Conexão Brasil Hip HopO funk carioca está em pé de guerra, mas acertou trégua de uma semana e uma manifestação marcada para ontem na Favela Santa Marta, como programado pela campanha Funk é Cultura, foi cancelada. O adiamento para o último domingo (26) do mês atende ao pedido do novo comandante da Polícia Militar na área, coronel Roberto Gil, recém-empossado.

“A mudança na cúpula da PM mudou todo mundo. O comandante anterior na Santa Marta tinha dito que não deixaria a gente fazer a Roda de Funk, mas o novo comandante pediu uma semana para se aproximar da comunidade e nós concordamos”, explicou MC Leonardo, presidente da Associação dos Profissionais e Amigos do Funk (Apafunk) e líder da campanha.

“Nosso movimento é político, é isso que tenho conversado com os comandantes da PM onde apresentamos a roda. Quando a polícia ameaçou proibir na Santa Marta, nós íamos entrar com um mandado de segurança, mas não foi preciso, porque o novo comandante nos chamou para conversar”, disse.

Do outro lado, a Polícia Militar do Rio de Janeiro registra que a questão teve início na atuação do 6º Batalhão da PM, que abrange do Morro da Mangueira ao Alto da Boa Vista, passando por Tijuca, Grajaú e Vila Isabel. Na sexta-feira da semana passada (10), atendendo a reclamações de moradores, equipes do batalhão estiveram no Morro dos Macacos, em Vila Isabel, e no Morro do Salgueiro, na Tijuca, antes da realização de bailes programados.

“Verificamos se tinham autorização e se atendiam às determinações. Como não se enquadravam em nenhuma das condições, os bailes não aconteceram”, informou o relações públicas da PM, major Oderlei Santos.

A PM rechaça a acusação de impedir qualquer atração cultural ou religiosa e, de acordo com o major, age apenas movida pela sociedade. “A PM vai até a festas caseiras, em condomínios, quando chamada, porque os organizadores passam da hora e fazem barulho, ou brigam, seja pelo que for o chamado”, garantiu o major.

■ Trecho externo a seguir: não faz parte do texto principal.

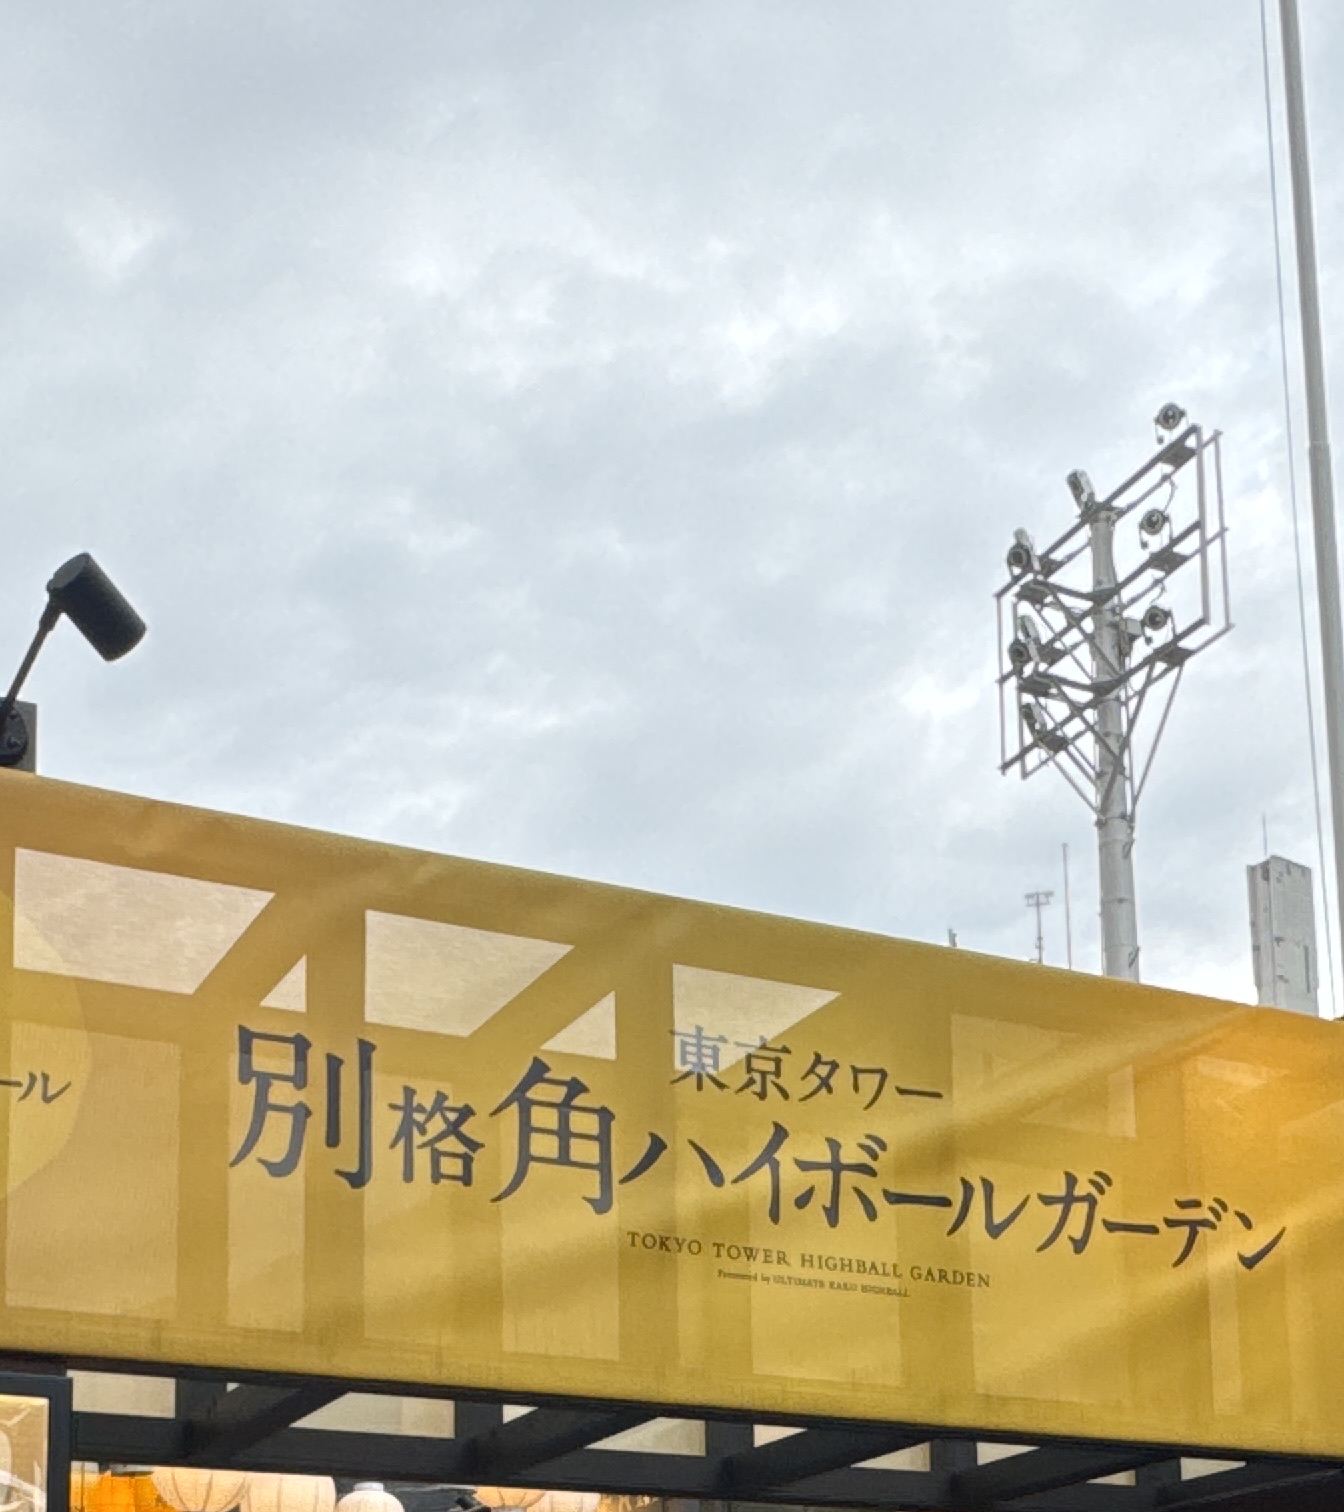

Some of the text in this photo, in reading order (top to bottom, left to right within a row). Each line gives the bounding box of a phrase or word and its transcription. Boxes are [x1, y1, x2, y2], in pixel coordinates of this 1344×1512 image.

O protesto da Apafunk não tem como alvo central a ação da Polícia Militar, mas sim a lei estadual, de junho do ano passado, sancionada pelo vice-governador Luiz Fernando de Souza, o “Pezão”, e cujo parágrafo terceiro diz exige que, para realizar esse tipo de baile ou qualquer outra manifestação cultural, os organizadores precisam solicitar permissão, com 30 dias de antecedência, à Secretaria de Segurança.

A lei resultou de projeto do então deputado Álvaro Lins, hoje cassado e preso por corrupção, no presídio Bangu 8. Chefe de polícia no governo Anthony Garotinho, ele compartilhava da opinião geral de que o funk era reduto de traficantes e criminosos em geral, sobretudo a partir da popularidade de grupos, como o Bonde do Tigrão, e outros que empregam vocabulário característico da marginalidade.

Os aspectos do funk carioca que mais geram controvérsia são letras de músicas com claras referências ao mundo dos marginais, interpretadas por muitos como apologia ao crime, e os excessos de sensualidade com apelo erótico em letras que falam de transas, traições e práticas sexuais não usuais.

Para derrubar a lei, a Apafunk e outras instituições culturais contam com o apoio político de alguns deputados estaduais, entre eles Marcelo Freixo, do P-SOL, autor de projeto revertendo seu caráter restritivo.

A trégua até o próximo domingo (26) parece ser apenas um breve período para o movimento Funk é Cultura ganhar mais força e intensificar as Rodas de Funk em comunidades carentes, em desafio à Polícia Militar e à legislação proibitiva dos bailes tão populares que atraem por volta de um milhão de jovens para bailes com danças sensuais e pouca roupa todos os meses no Rio de Janeiro.